*EXERCISE OBJECTIVE*. Once you find the line that contains "this 1600×900 image." in the entries below, give it again along with every following line, unchanged, through the final one.

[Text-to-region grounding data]
+ + + + + + +

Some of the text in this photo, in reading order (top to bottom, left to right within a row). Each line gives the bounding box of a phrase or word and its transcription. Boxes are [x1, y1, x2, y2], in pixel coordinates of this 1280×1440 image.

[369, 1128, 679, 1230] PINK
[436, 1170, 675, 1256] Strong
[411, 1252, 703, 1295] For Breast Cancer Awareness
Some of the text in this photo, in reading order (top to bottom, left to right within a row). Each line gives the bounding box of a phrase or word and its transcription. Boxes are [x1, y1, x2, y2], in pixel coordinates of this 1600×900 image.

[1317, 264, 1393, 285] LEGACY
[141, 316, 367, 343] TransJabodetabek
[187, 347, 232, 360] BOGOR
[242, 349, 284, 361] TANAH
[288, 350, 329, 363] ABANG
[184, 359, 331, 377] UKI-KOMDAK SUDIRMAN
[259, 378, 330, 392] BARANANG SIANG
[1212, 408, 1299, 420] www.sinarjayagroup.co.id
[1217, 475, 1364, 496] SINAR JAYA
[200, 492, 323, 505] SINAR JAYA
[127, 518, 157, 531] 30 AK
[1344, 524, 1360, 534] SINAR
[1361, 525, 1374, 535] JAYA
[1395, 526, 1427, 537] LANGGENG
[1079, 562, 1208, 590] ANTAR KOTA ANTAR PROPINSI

+ + + + + + +

*EXERCISE RESULT*.
Some of the text in this photo, in reading order (top to bottom, left to right within a row). Each line gives the bounding box of a phrase or word and its transcription. Boxes are [x1, y1, x2, y2], in pixel coordinates of this 1600×900 image.

[1317, 264, 1393, 285] LEGACY
[141, 316, 367, 343] TransJabodetabek
[187, 347, 232, 360] BOGOR
[242, 349, 284, 361] TANAH
[288, 350, 329, 363] ABANG
[184, 359, 331, 377] UKI-KOMDAK SUDIRMAN
[259, 378, 330, 392] BARANANG SIANG
[1212, 408, 1299, 420] www.sinarjayagroup.co.id
[1217, 475, 1364, 496] SINAR JAYA
[200, 492, 323, 505] SINAR JAYA
[127, 518, 157, 531] 30 AK
[1344, 524, 1360, 534] SINAR
[1361, 525, 1374, 535] JAYA
[1395, 526, 1427, 537] LANGGENG
[1079, 562, 1208, 590] ANTAR KOTA ANTAR PROPINSI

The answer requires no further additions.